- **Recorded data**
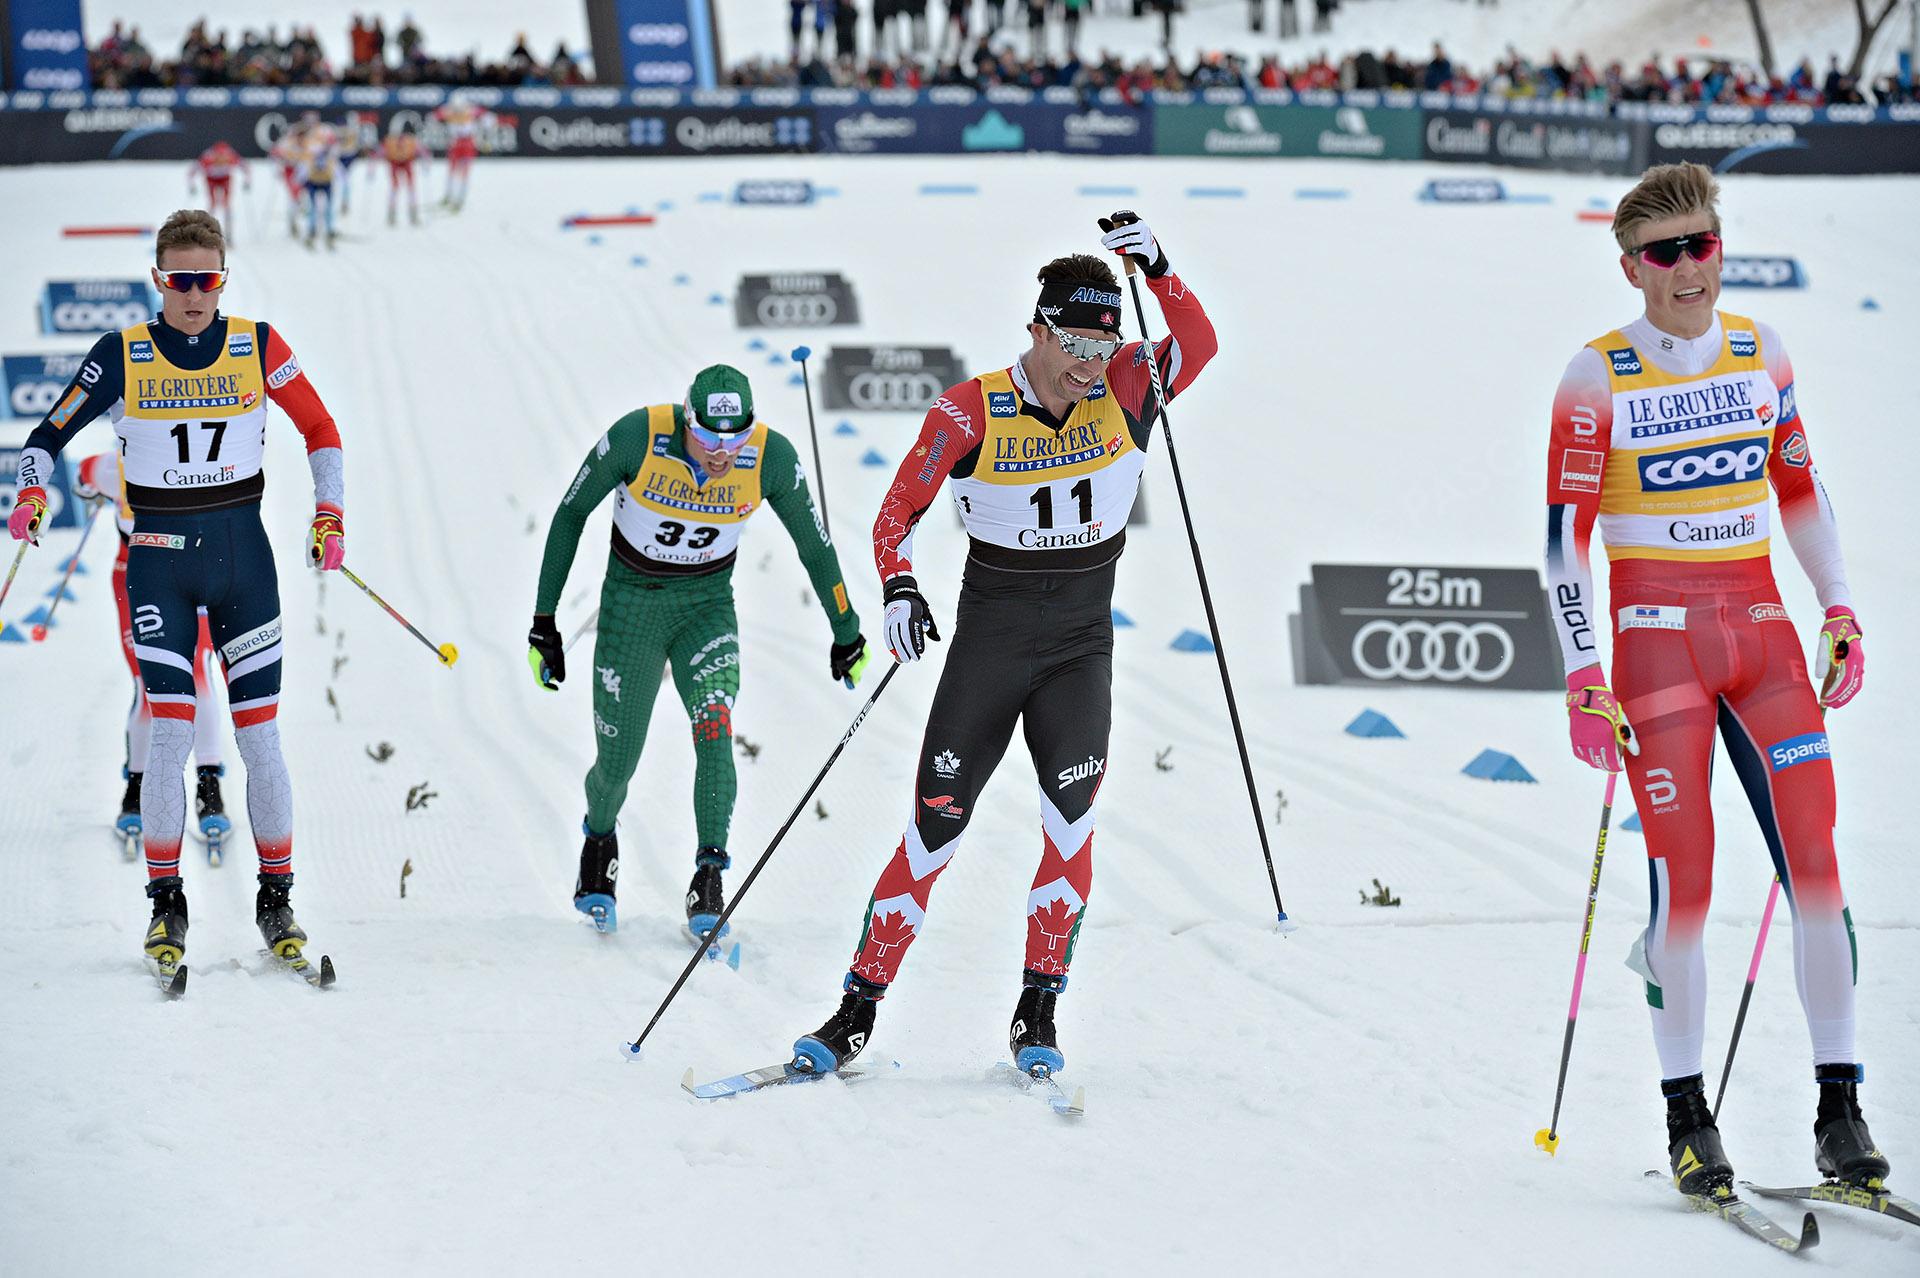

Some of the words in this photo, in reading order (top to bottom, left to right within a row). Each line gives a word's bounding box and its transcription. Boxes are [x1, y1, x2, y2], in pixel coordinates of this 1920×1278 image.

[1721, 260, 1793, 286] oop
[54, 302, 149, 329] coop
[130, 352, 154, 360] coop
[230, 344, 252, 354] coop
[1731, 343, 1757, 354] coop
[1613, 361, 1640, 371] coop
[138, 378, 156, 399] LE
[161, 373, 239, 398] GRUYÈRE
[141, 397, 236, 409] SWITZERLAND
[991, 405, 1016, 414] coop
[1628, 399, 1655, 424] LE
[1659, 381, 1751, 420] GRUYÈRE
[1637, 411, 1751, 437] SWITZERLAND
[170, 420, 227, 463] 17
[995, 437, 1017, 459] LE
[1022, 420, 1103, 458] GRUYÈRE
[735, 459, 756, 467] coop
[918, 430, 949, 485] HAYWOOD
[999, 448, 1101, 471] SWITZERLAND
[1645, 445, 1767, 485] coop
[163, 466, 234, 486] Canada
[646, 472, 666, 493] LE
[668, 479, 736, 504] GRUYÈRE
[1563, 472, 1600, 483] VEIDEKKE
[646, 491, 731, 514] SWITZERLAND
[1029, 478, 1093, 529] 11
[129, 535, 169, 546] SPAR
[655, 521, 720, 549] 33
[1018, 525, 1101, 549] Canada
[1669, 514, 1755, 542] Canada
[644, 544, 711, 563] Canada
[1386, 568, 1482, 608] 25m
[1621, 619, 1684, 630] RGHATTEN
[226, 623, 282, 659] SpareBan
[693, 652, 738, 681] FALCO
[1058, 756, 1106, 790] swix
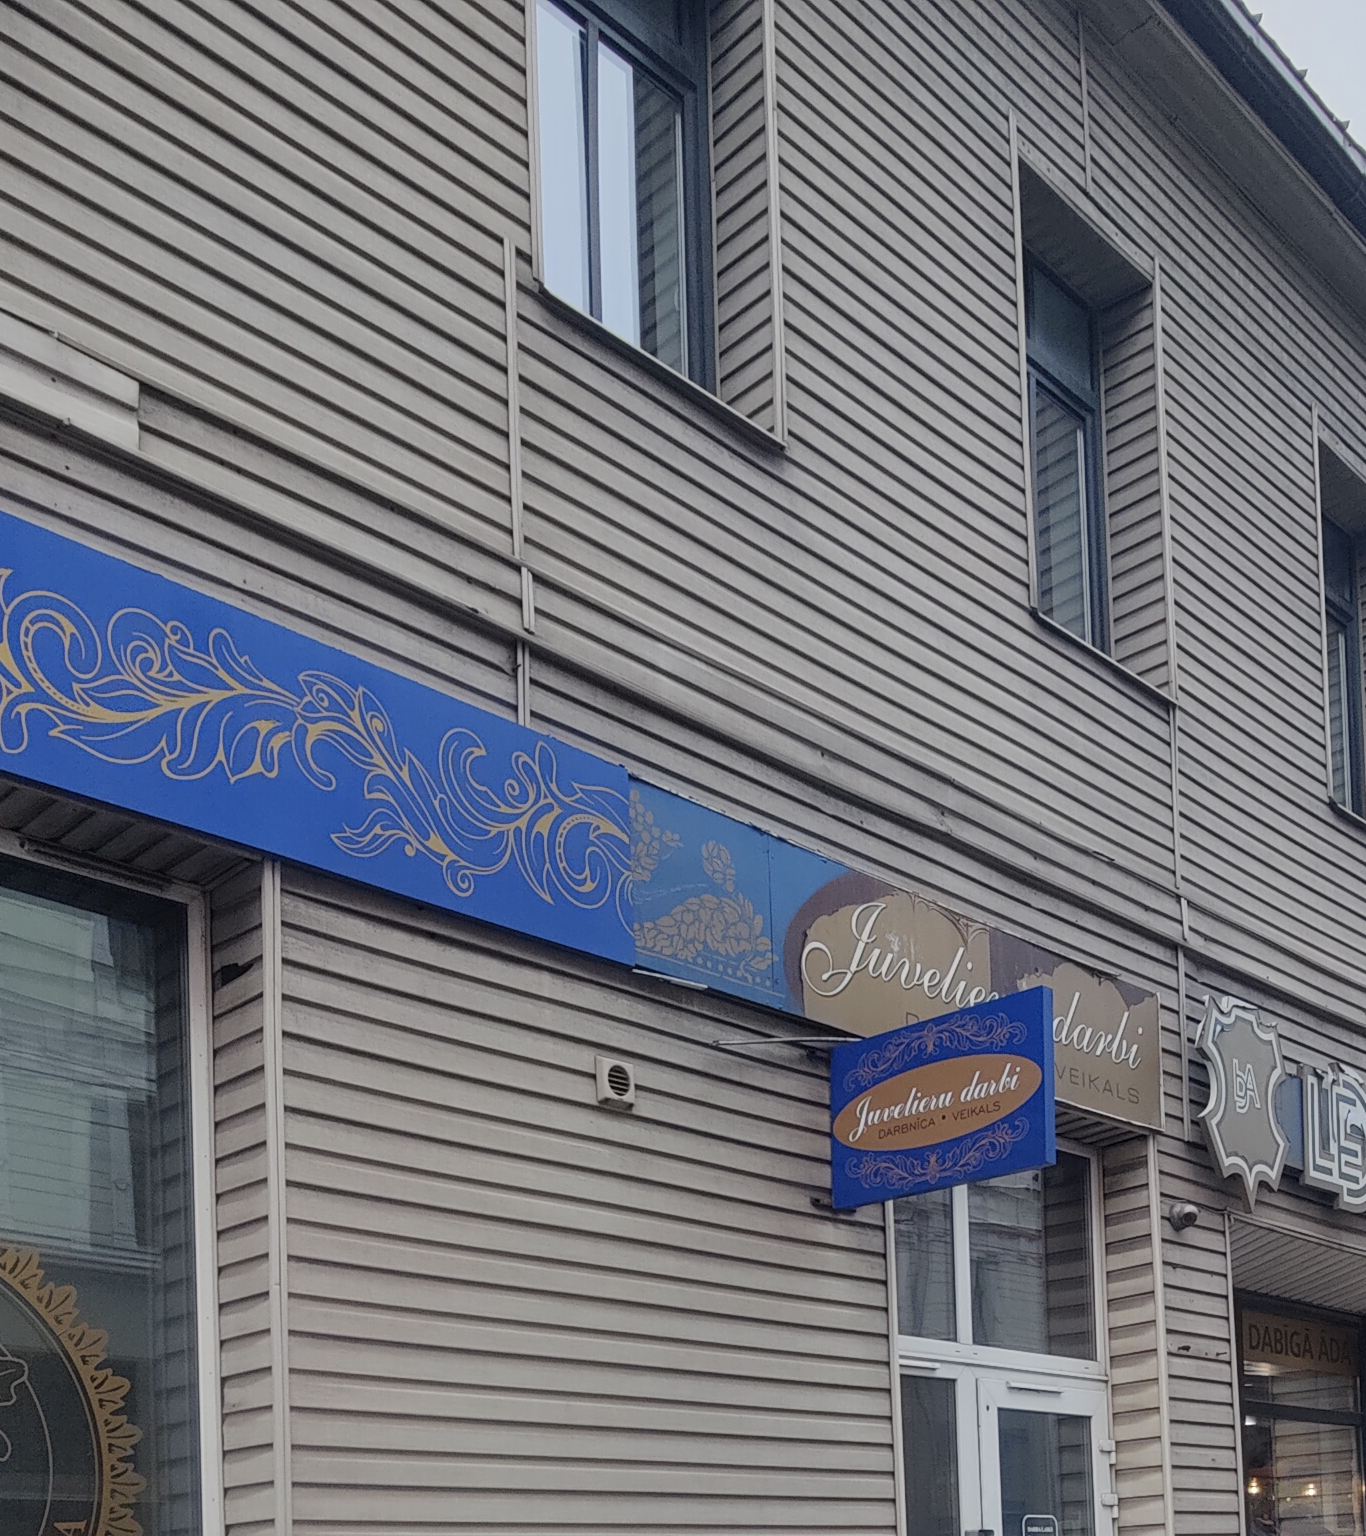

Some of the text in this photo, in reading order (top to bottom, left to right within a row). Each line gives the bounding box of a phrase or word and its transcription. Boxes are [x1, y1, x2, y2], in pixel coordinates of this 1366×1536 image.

- **Work order**
Everything in the entries above except the pictures should be given again exactly.

- **Response for this exercise**
Some of the words in this photo, in reading order (top to bottom, left to right within a row). Each line gives a word's bounding box and its transcription. Boxes are [x1, y1, x2, y2], in pixel coordinates of this 1920×1278 image.

[1721, 260, 1793, 286] oop
[54, 302, 149, 329] coop
[130, 352, 154, 360] coop
[230, 344, 252, 354] coop
[1731, 343, 1757, 354] coop
[1613, 361, 1640, 371] coop
[138, 378, 156, 399] LE
[161, 373, 239, 398] GRUYÈRE
[141, 397, 236, 409] SWITZERLAND
[991, 405, 1016, 414] coop
[1628, 399, 1655, 424] LE
[1659, 381, 1751, 420] GRUYÈRE
[1637, 411, 1751, 437] SWITZERLAND
[170, 420, 227, 463] 17
[995, 437, 1017, 459] LE
[1022, 420, 1103, 458] GRUYÈRE
[735, 459, 756, 467] coop
[918, 430, 949, 485] HAYWOOD
[999, 448, 1101, 471] SWITZERLAND
[1645, 445, 1767, 485] coop
[163, 466, 234, 486] Canada
[646, 472, 666, 493] LE
[668, 479, 736, 504] GRUYÈRE
[1563, 472, 1600, 483] VEIDEKKE
[646, 491, 731, 514] SWITZERLAND
[1029, 478, 1093, 529] 11
[129, 535, 169, 546] SPAR
[655, 521, 720, 549] 33
[1018, 525, 1101, 549] Canada
[1669, 514, 1755, 542] Canada
[644, 544, 711, 563] Canada
[1386, 568, 1482, 608] 25m
[1621, 619, 1684, 630] RGHATTEN
[226, 623, 282, 659] SpareBan
[693, 652, 738, 681] FALCO
[1058, 756, 1106, 790] swix

Some of the text in this photo, in reading order (top to bottom, left to right within a row). Each line gives the bounding box of a phrase or word and its transcription. Boxes are [x1, y1, x2, y2], in pixel coordinates of this 1366×1536 image.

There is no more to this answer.